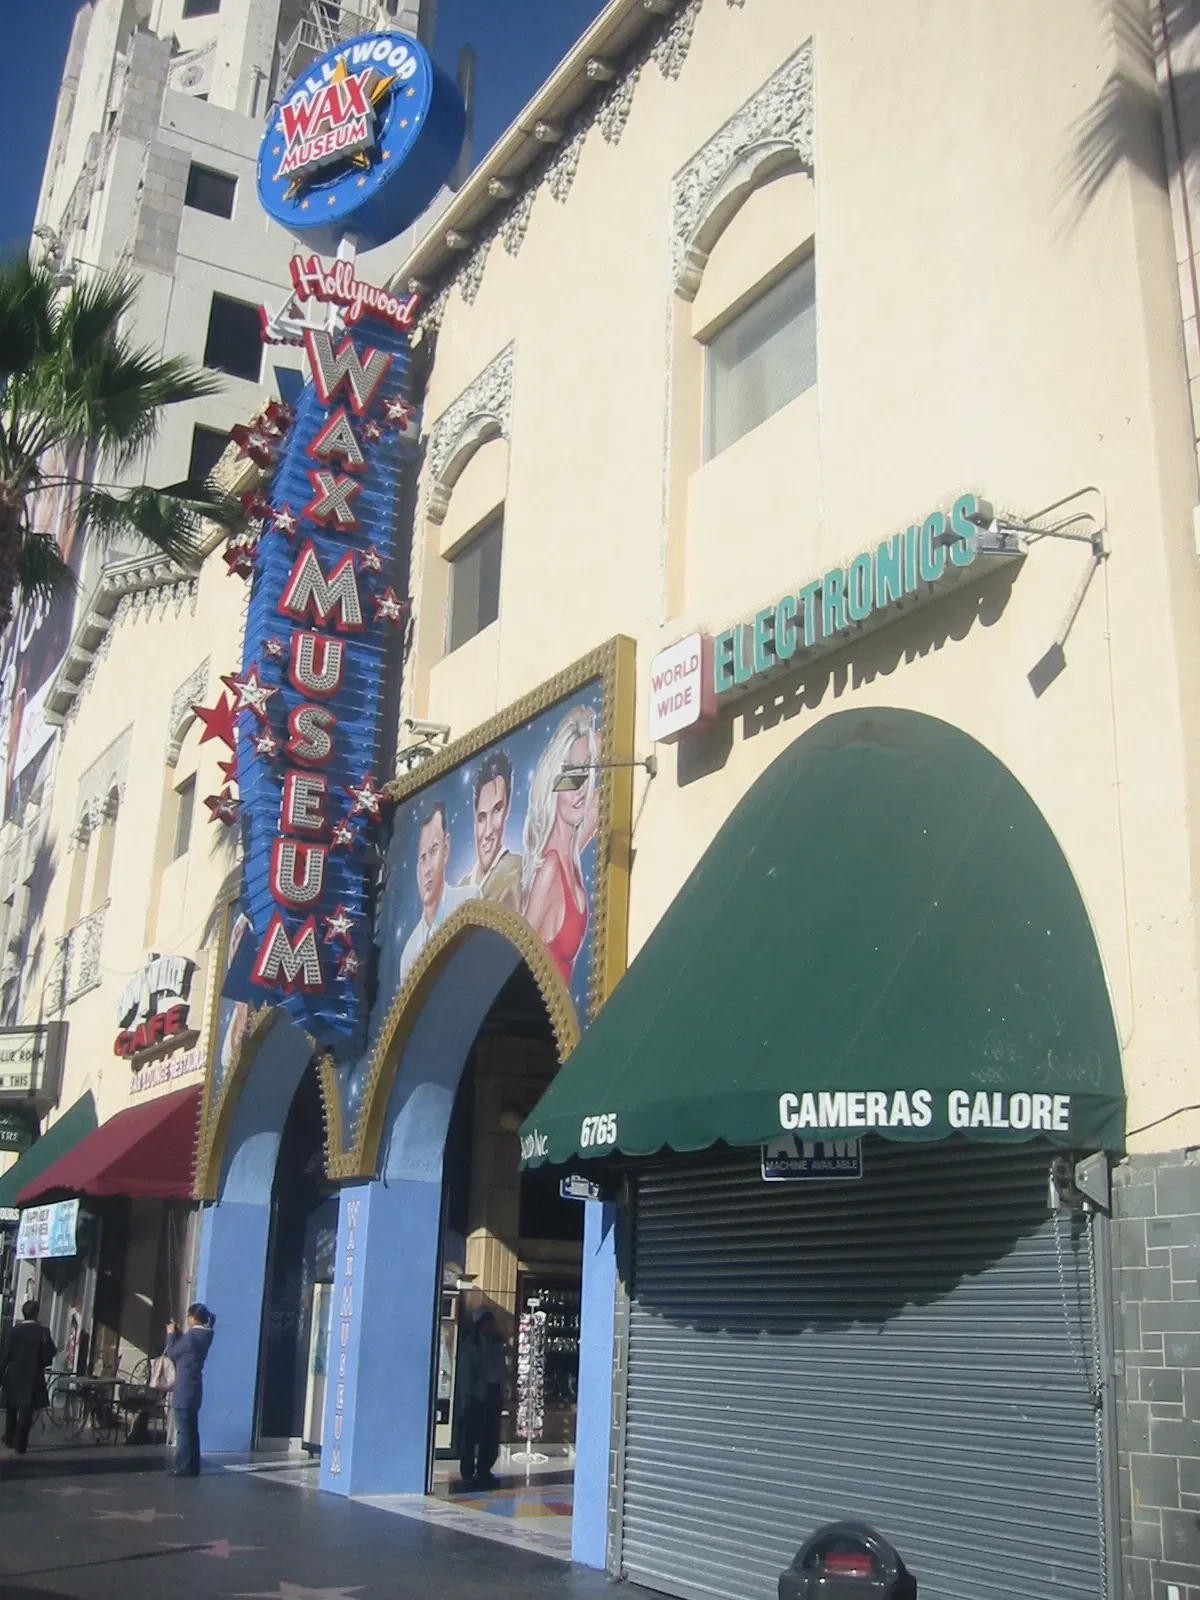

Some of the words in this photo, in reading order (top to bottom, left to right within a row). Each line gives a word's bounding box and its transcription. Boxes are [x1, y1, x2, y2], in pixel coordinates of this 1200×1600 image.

[276, 40, 418, 130] OLLYWOOD
[280, 67, 374, 150] WAX
[277, 118, 368, 176] MUSEUM
[290, 254, 420, 330] Hollywood
[303, 328, 392, 531] WAX
[713, 493, 978, 694] ELECTRONICS
[651, 654, 699, 693] WORLD
[657, 687, 693, 719] WIDE
[250, 537, 365, 994] MUSEUM
[114, 1003, 188, 1056] CAFE
[580, 1112, 618, 1148] 6765
[778, 1089, 932, 1130] CAMERAS
[947, 1090, 1071, 1131] GALORE
[765, 1160, 808, 1170] MACHINE
[811, 1159, 859, 1169] AVAILABLE
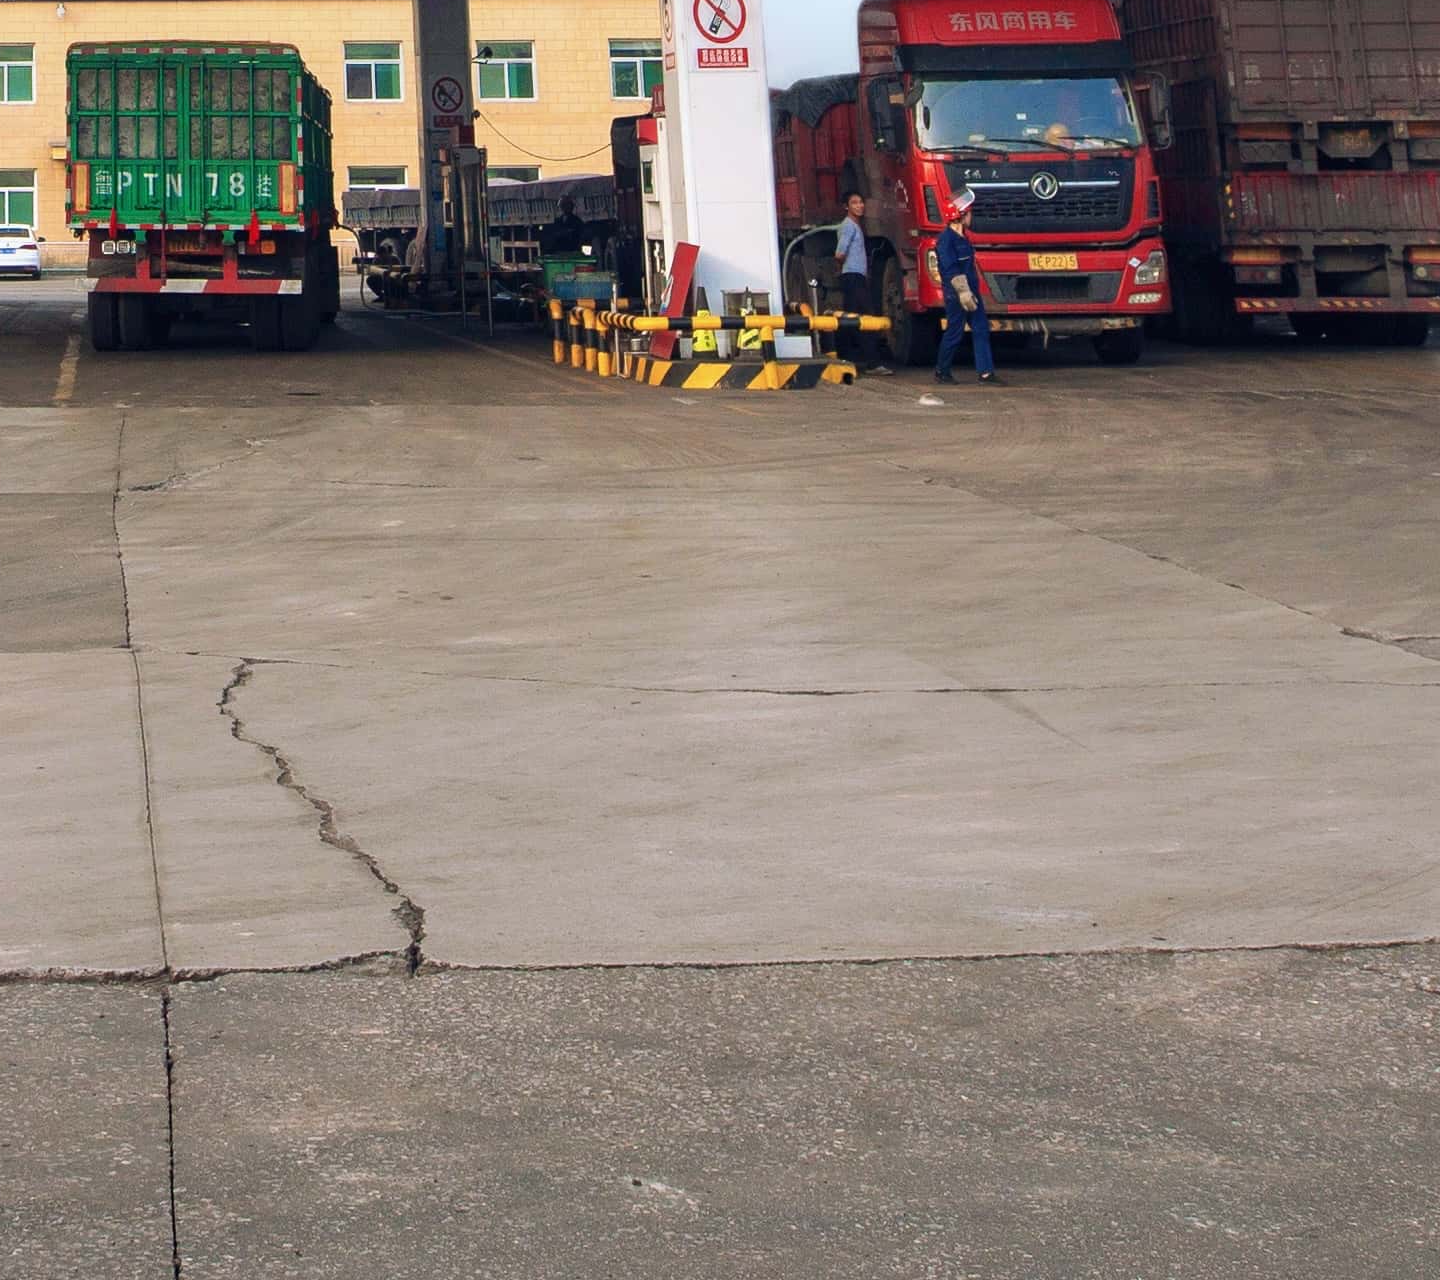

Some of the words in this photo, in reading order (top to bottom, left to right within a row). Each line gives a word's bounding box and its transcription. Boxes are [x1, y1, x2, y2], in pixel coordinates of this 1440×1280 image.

[949, 11, 1077, 32] 东风商用车
[96, 170, 272, 197] 鲁PTN78挂
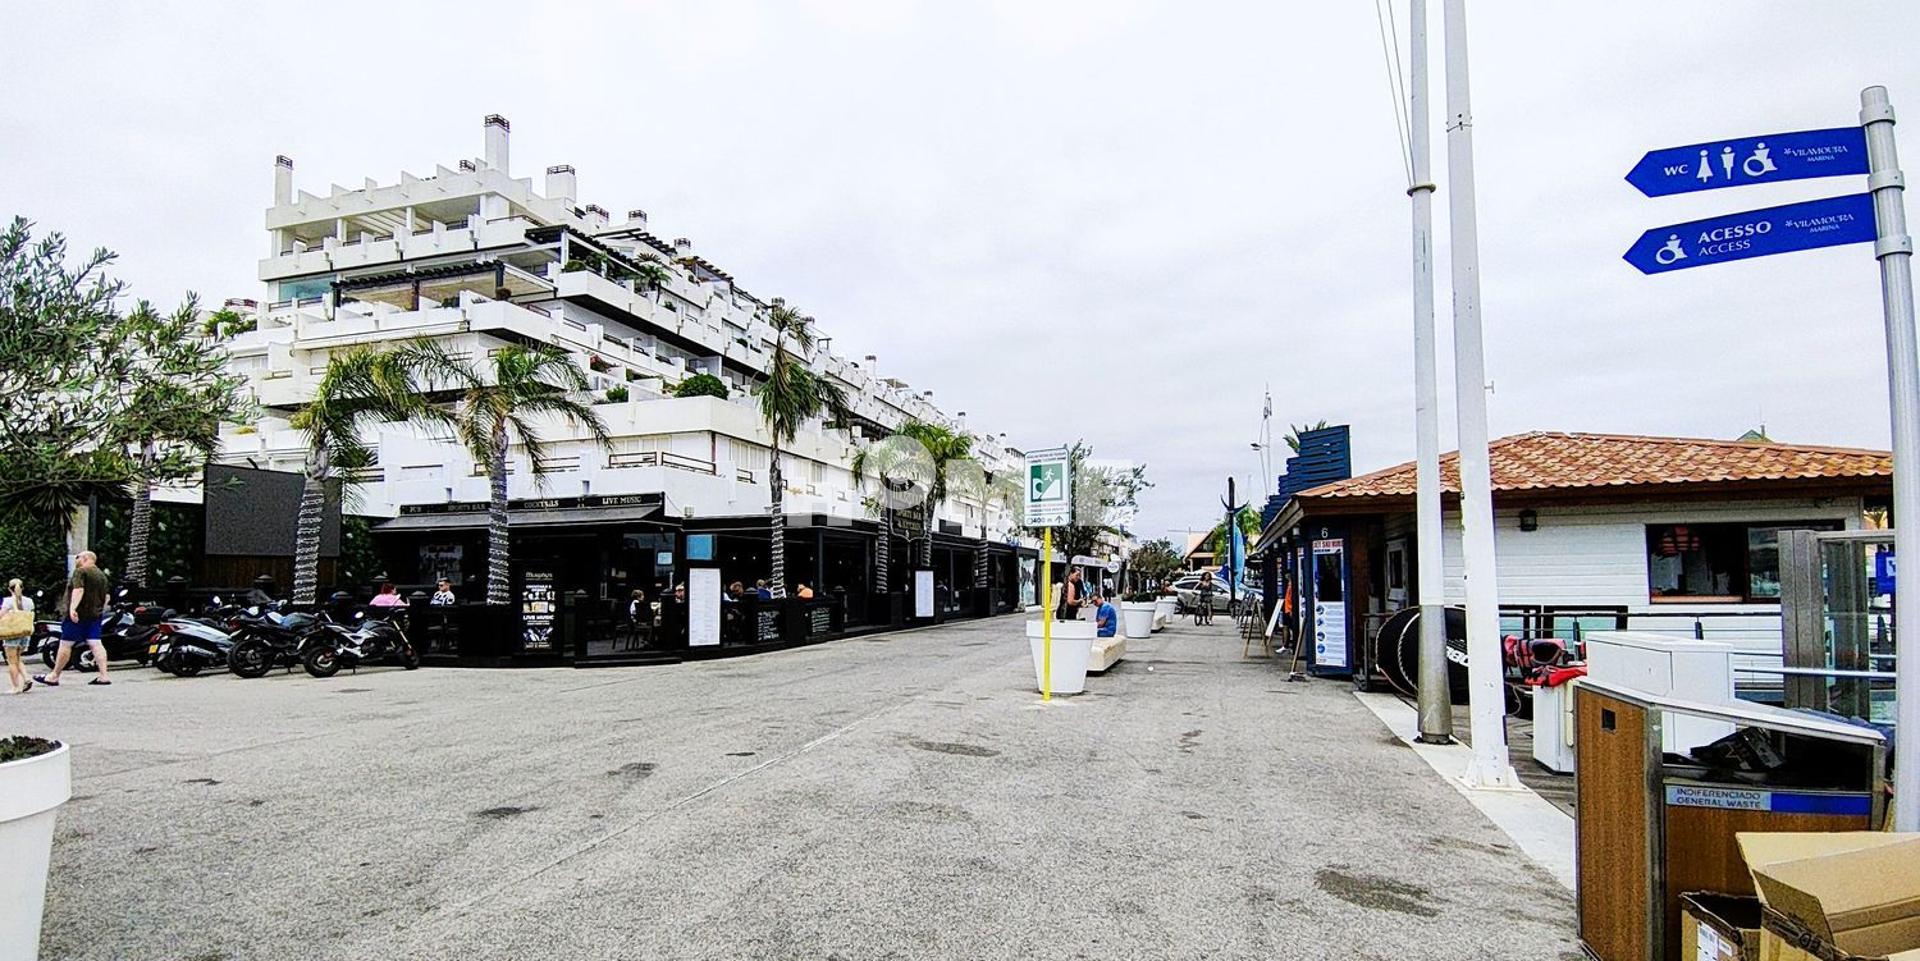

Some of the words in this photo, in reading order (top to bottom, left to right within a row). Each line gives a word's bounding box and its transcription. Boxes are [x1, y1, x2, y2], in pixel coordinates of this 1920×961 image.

[1792, 144, 1849, 158] VILAMOURA
[1807, 154, 1836, 163] MARINA
[1663, 164, 1689, 176] WC
[1795, 213, 1854, 230] VILAMOURA
[1698, 220, 1772, 244] ACESSO
[1809, 222, 1840, 234] MARINA
[1698, 240, 1751, 257] ACCESS
[524, 500, 559, 509] COCKTAILS
[602, 497, 618, 505] LIVE
[620, 496, 642, 504] MUSIC
[1321, 527, 1329, 539] 6
[1676, 788, 1761, 800] INDIFERENCIADO
[1676, 796, 1724, 807] GENERAL
[1726, 799, 1761, 808] WASTE
══════
Render the data above verbatim and without pictures.

— TASK OUTPUT —
Some of the words in this photo, in reading order (top to bottom, left to right within a row). Each line gives a word's bounding box and its transcription. Boxes are [x1, y1, x2, y2], in pixel coordinates of this 1200×1600 image.

[276, 40, 418, 130] OLLYWOOD
[280, 67, 374, 150] WAX
[277, 118, 368, 176] MUSEUM
[290, 254, 420, 330] Hollywood
[303, 328, 392, 531] WAX
[713, 493, 978, 694] ELECTRONICS
[651, 654, 699, 693] WORLD
[657, 687, 693, 719] WIDE
[250, 537, 365, 994] MUSEUM
[114, 1003, 188, 1056] CAFE
[580, 1112, 618, 1148] 6765
[778, 1089, 932, 1130] CAMERAS
[947, 1090, 1071, 1131] GALORE
[765, 1160, 808, 1170] MACHINE
[811, 1159, 859, 1169] AVAILABLE

Some of the words in this photo, in reading order (top to bottom, left to right within a row). Each line gives a word's bounding box and its transcription. Boxes are [x1, y1, x2, y2], in pixel coordinates of this 1440×1280 image.

[949, 11, 1077, 32] 东风商用车
[96, 170, 272, 197] 鲁PTN78挂

Some of the words in this photo, in reading order (top to bottom, left to right within a row). Each line gives a word's bounding box and its transcription. Boxes are [x1, y1, x2, y2], in pixel coordinates of this 1920×961 image.

[1792, 144, 1849, 158] VILAMOURA
[1807, 154, 1836, 163] MARINA
[1663, 164, 1689, 176] WC
[1795, 213, 1854, 230] VILAMOURA
[1698, 220, 1772, 244] ACESSO
[1809, 222, 1840, 234] MARINA
[1698, 240, 1751, 257] ACCESS
[524, 500, 559, 509] COCKTAILS
[602, 497, 618, 505] LIVE
[620, 496, 642, 504] MUSIC
[1321, 527, 1329, 539] 6
[1676, 788, 1761, 800] INDIFERENCIADO
[1676, 796, 1724, 807] GENERAL
[1726, 799, 1761, 808] WASTE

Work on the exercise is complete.